• **Problem to work on**: Scan the entries for the word "PERSONAL". Every line that has it should be copied.

++++++++++

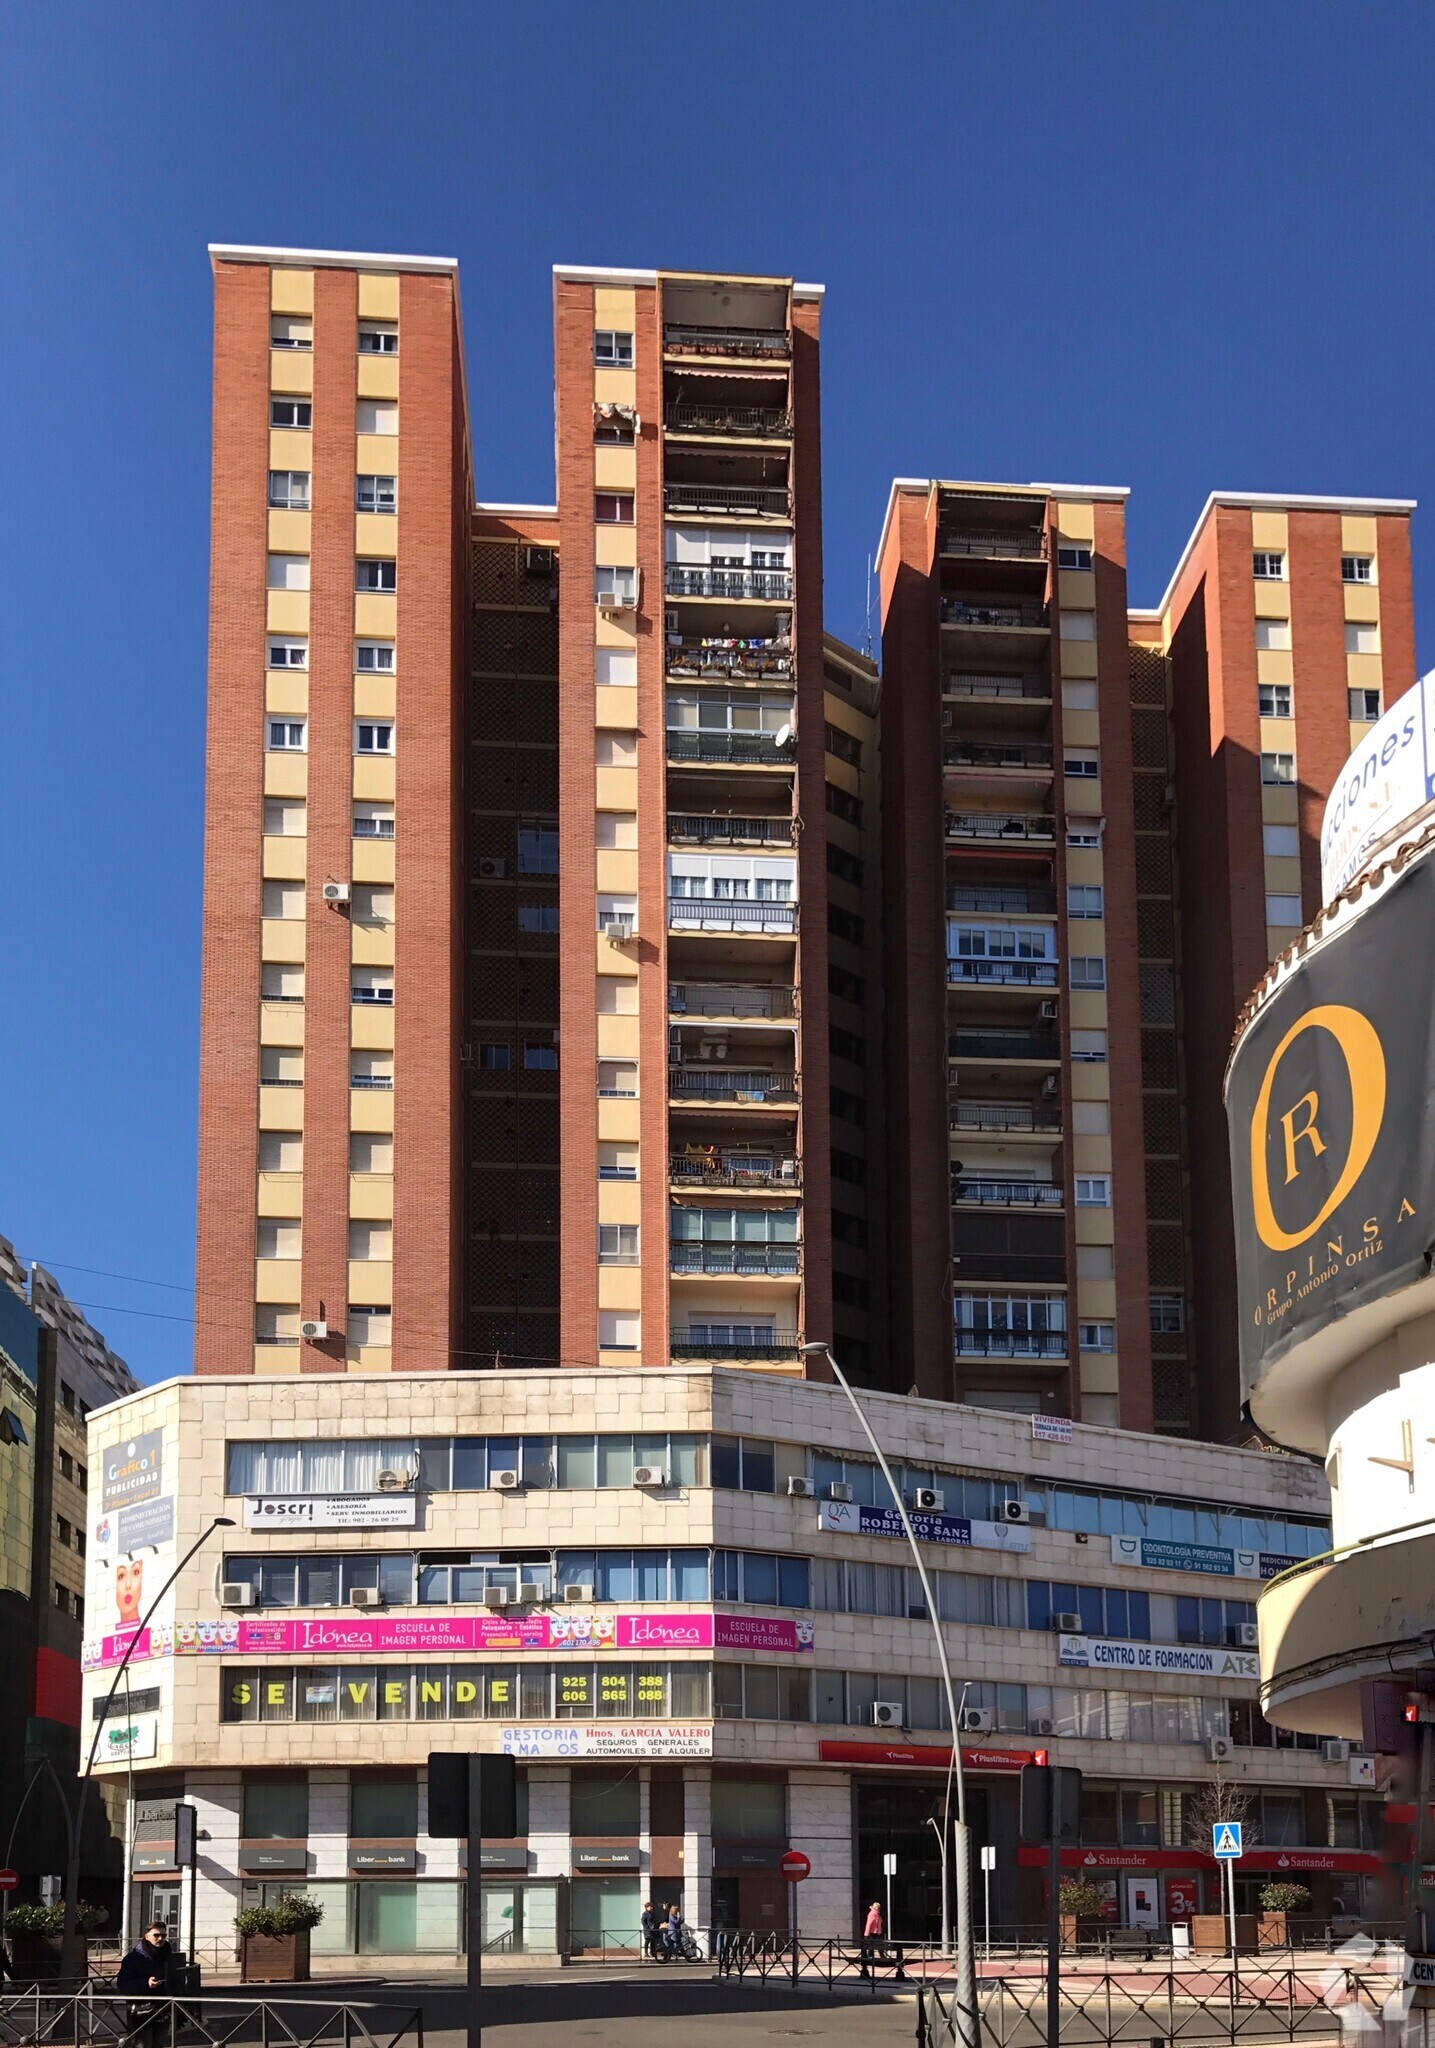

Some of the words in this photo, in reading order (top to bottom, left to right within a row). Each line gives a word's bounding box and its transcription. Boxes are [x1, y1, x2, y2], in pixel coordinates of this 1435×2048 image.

[1254, 1198, 1416, 1326] ORPINSA
[1266, 1298, 1292, 1325] Grupo
[1296, 1263, 1339, 1301] Antonio
[1345, 1239, 1383, 1267] Ortiz
[1034, 1415, 1071, 1426] VIVIENDA
[106, 1471, 158, 1497] PUBLICIDAD
[884, 1509, 942, 1525] Getoría
[933, 1523, 969, 1538] SANZ
[902, 1532, 930, 1541] FCAL
[936, 1536, 971, 1545] LABORAL
[1143, 1543, 1191, 1556] ODONTOLOGÍA
[1192, 1549, 1232, 1561] PREVENTIVA
[1261, 1556, 1292, 1565] MEDICINA
[395, 1623, 434, 1633] ESCUELA
[439, 1623, 450, 1632] DE
[629, 1618, 699, 1644] Idónea
[730, 1621, 765, 1633] ESCUELA
[769, 1624, 779, 1633] DE
[302, 1622, 372, 1648] Idónea
[381, 1635, 417, 1645] IMAGEN
[420, 1634, 467, 1644] PERSONAL
[717, 1632, 750, 1643] IMAGEN
[753, 1636, 793, 1647] PERSONAL
[1094, 1645, 1135, 1665] CENTRO
[1138, 1649, 1151, 1666] DE
[1155, 1651, 1213, 1671] FORMACIÓN
[562, 1677, 587, 1687] 925
[601, 1676, 626, 1686] 804
[638, 1676, 663, 1686] 388
[348, 1681, 509, 1704] VENDE
[562, 1691, 587, 1701] 606
[602, 1690, 627, 1700] 865
[638, 1690, 663, 1700] 088
[503, 1729, 578, 1740] GESTORIA
[586, 1729, 616, 1738] Hnos.
[621, 1729, 663, 1738] GARCIA
[668, 1729, 711, 1738] VALERO
[586, 1747, 646, 1755] AUTOMOVILES
[651, 1747, 663, 1755] DE
[670, 1746, 711, 1755] ALQUILER
[979, 1755, 1009, 1764] PlusUltra
[1099, 1854, 1147, 1865] Santander
[1291, 1856, 1335, 1868] Santander

++++++++++

• **Solution to the exercise**:
[420, 1634, 467, 1644] PERSONAL
[753, 1636, 793, 1647] PERSONAL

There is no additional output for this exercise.